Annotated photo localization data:
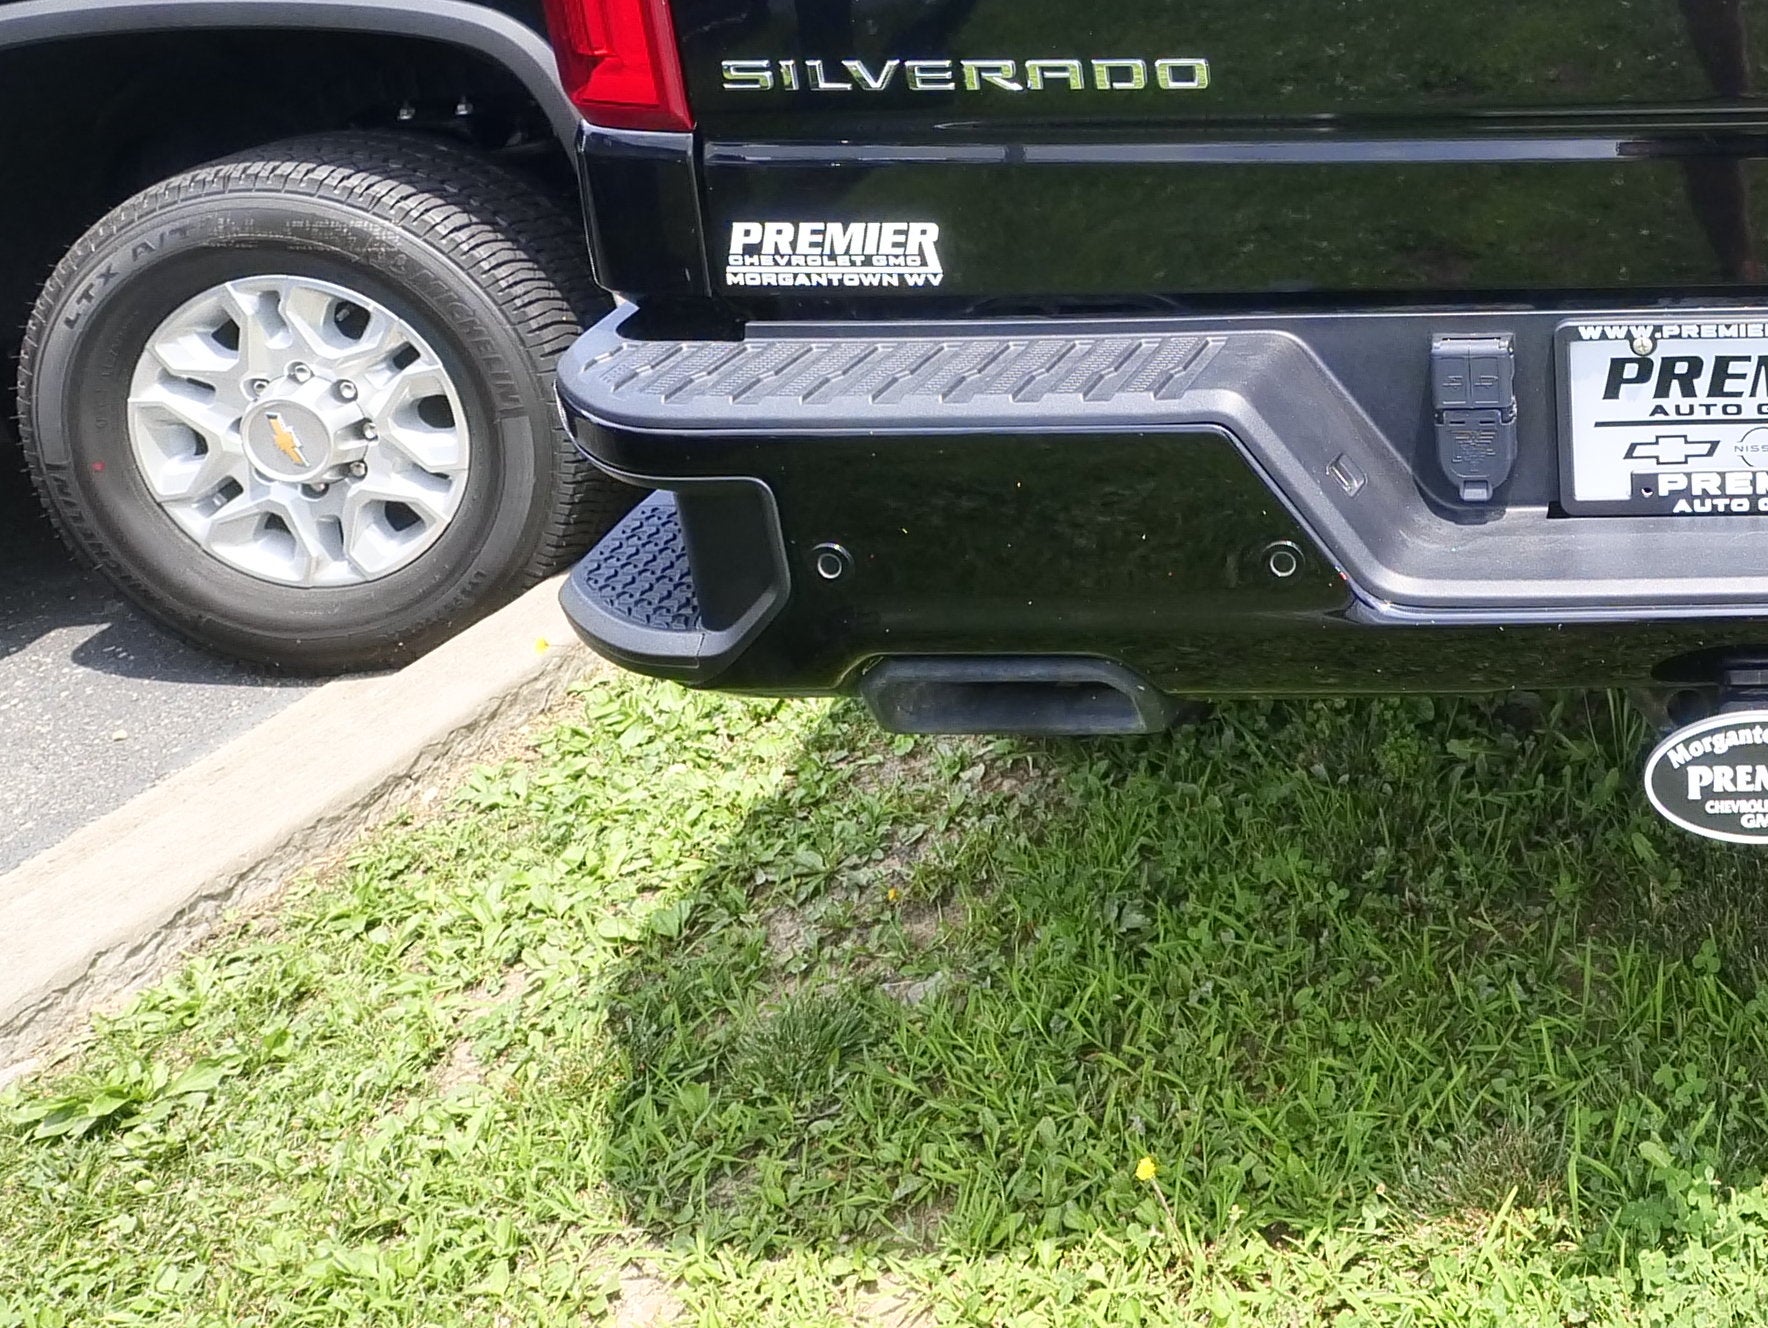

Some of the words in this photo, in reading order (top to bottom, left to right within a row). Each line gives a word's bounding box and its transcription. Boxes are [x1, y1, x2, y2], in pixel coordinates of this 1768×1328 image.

[720, 59, 1211, 91] SILVERADO
[729, 222, 942, 268] PREMIER
[726, 273, 899, 287] MORGANTOWN
[904, 273, 944, 287] WV
[1648, 402, 1743, 417] AUTO
[1672, 497, 1751, 514] AUTO
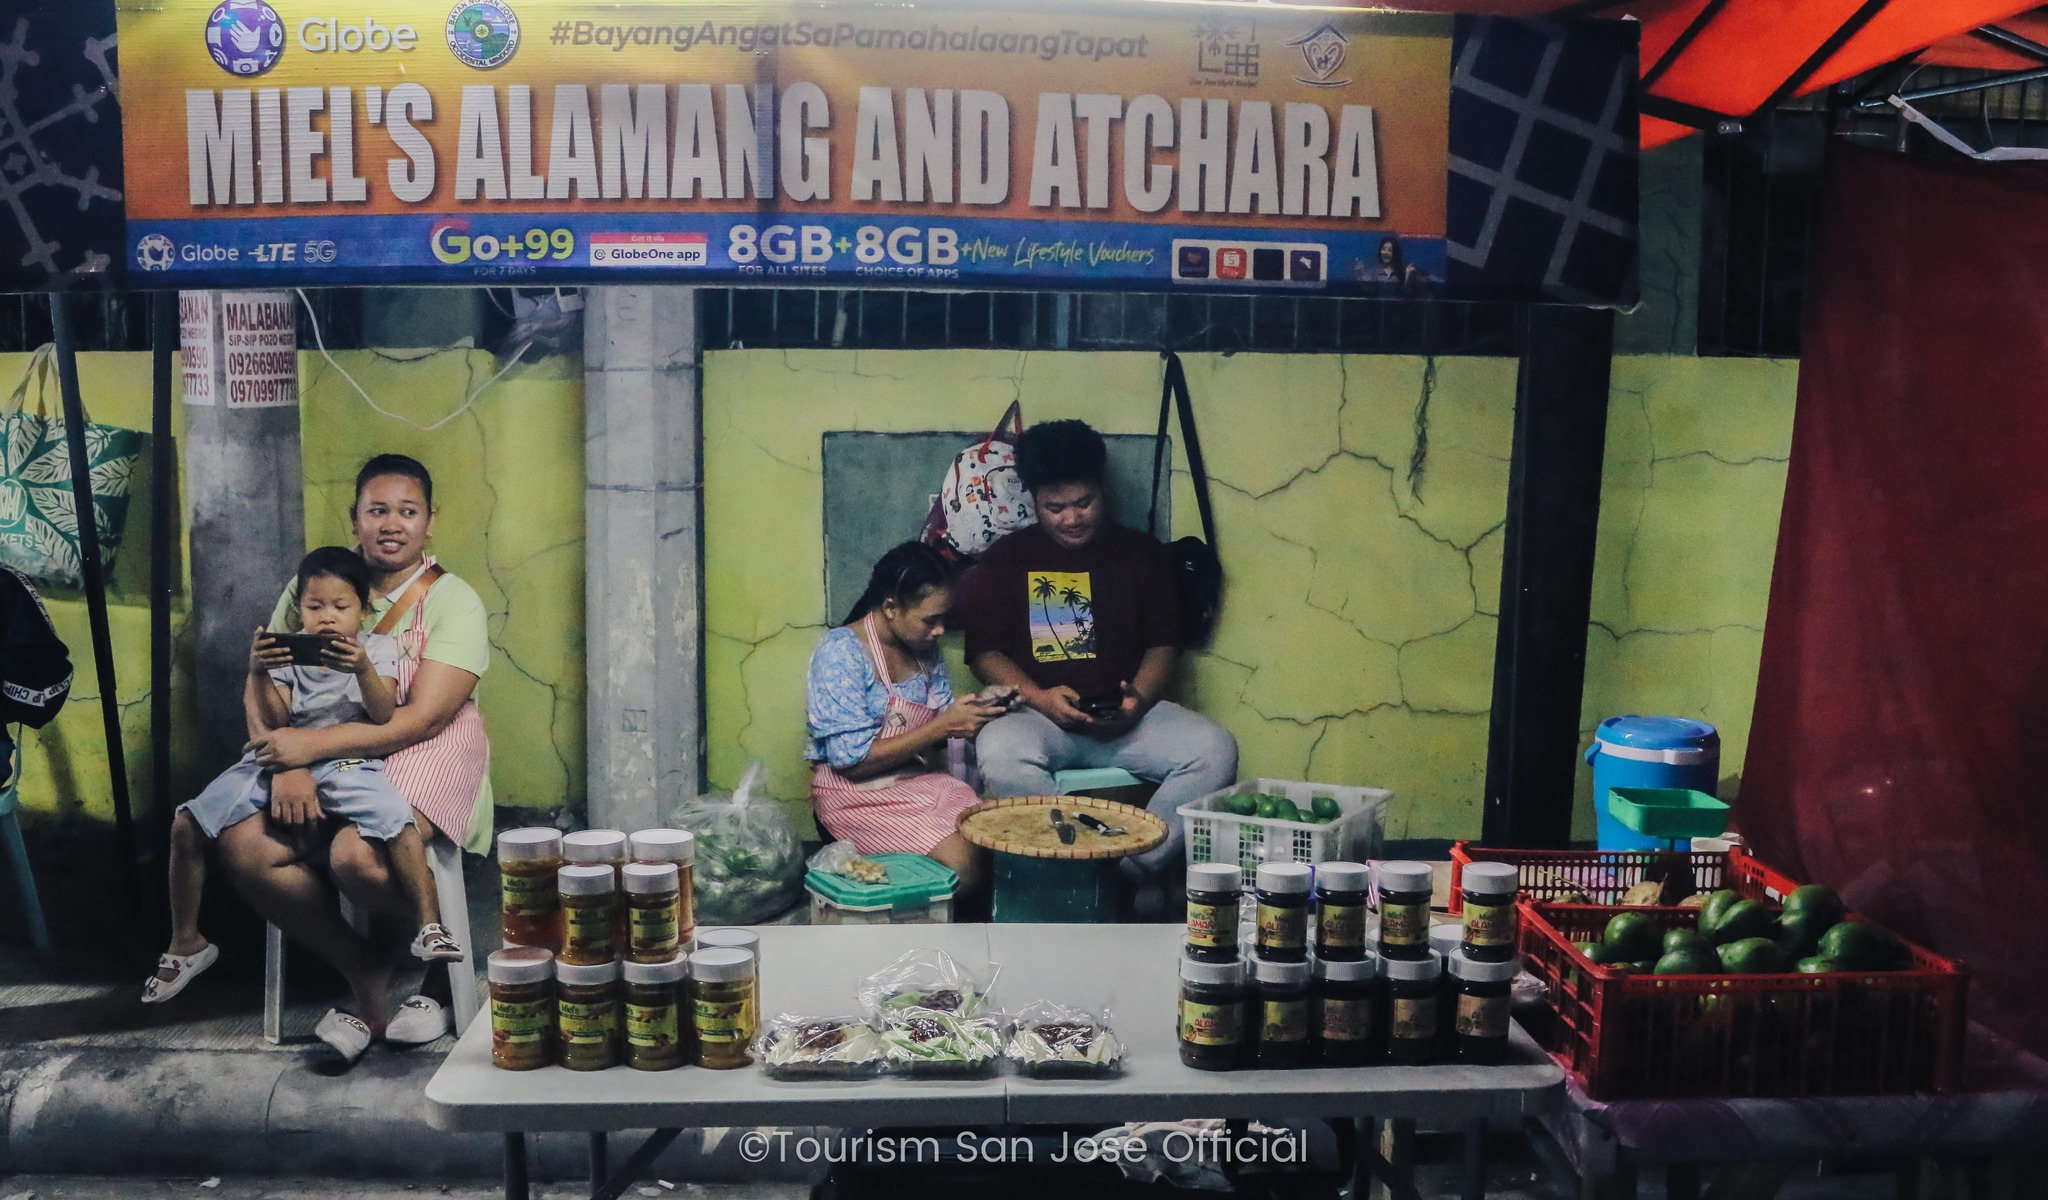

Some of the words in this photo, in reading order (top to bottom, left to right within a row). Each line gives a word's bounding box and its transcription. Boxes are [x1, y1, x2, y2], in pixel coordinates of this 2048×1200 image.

■ **YOUR TASK**
What is needed is every record above, returned exactly, with the pictures omitted.

■ **RESULT OF THE TASK**
Some of the words in this photo, in reading order (top to bottom, left to right within a row). Each line gives a word's bounding box and its transcription. Boxes are [x1, y1, x2, y2], in pixel coordinates of this 1768×1328 image.

[720, 59, 1211, 91] SILVERADO
[729, 222, 942, 268] PREMIER
[726, 273, 899, 287] MORGANTOWN
[904, 273, 944, 287] WV
[1648, 402, 1743, 417] AUTO
[1672, 497, 1751, 514] AUTO

Some of the words in this photo, in reading order (top to bottom, left to right within a row). Each line gives a word's bounding box and its transcription. Boxes are [x1, y1, x2, y2], in pixel coordinates of this 2048×1200 image.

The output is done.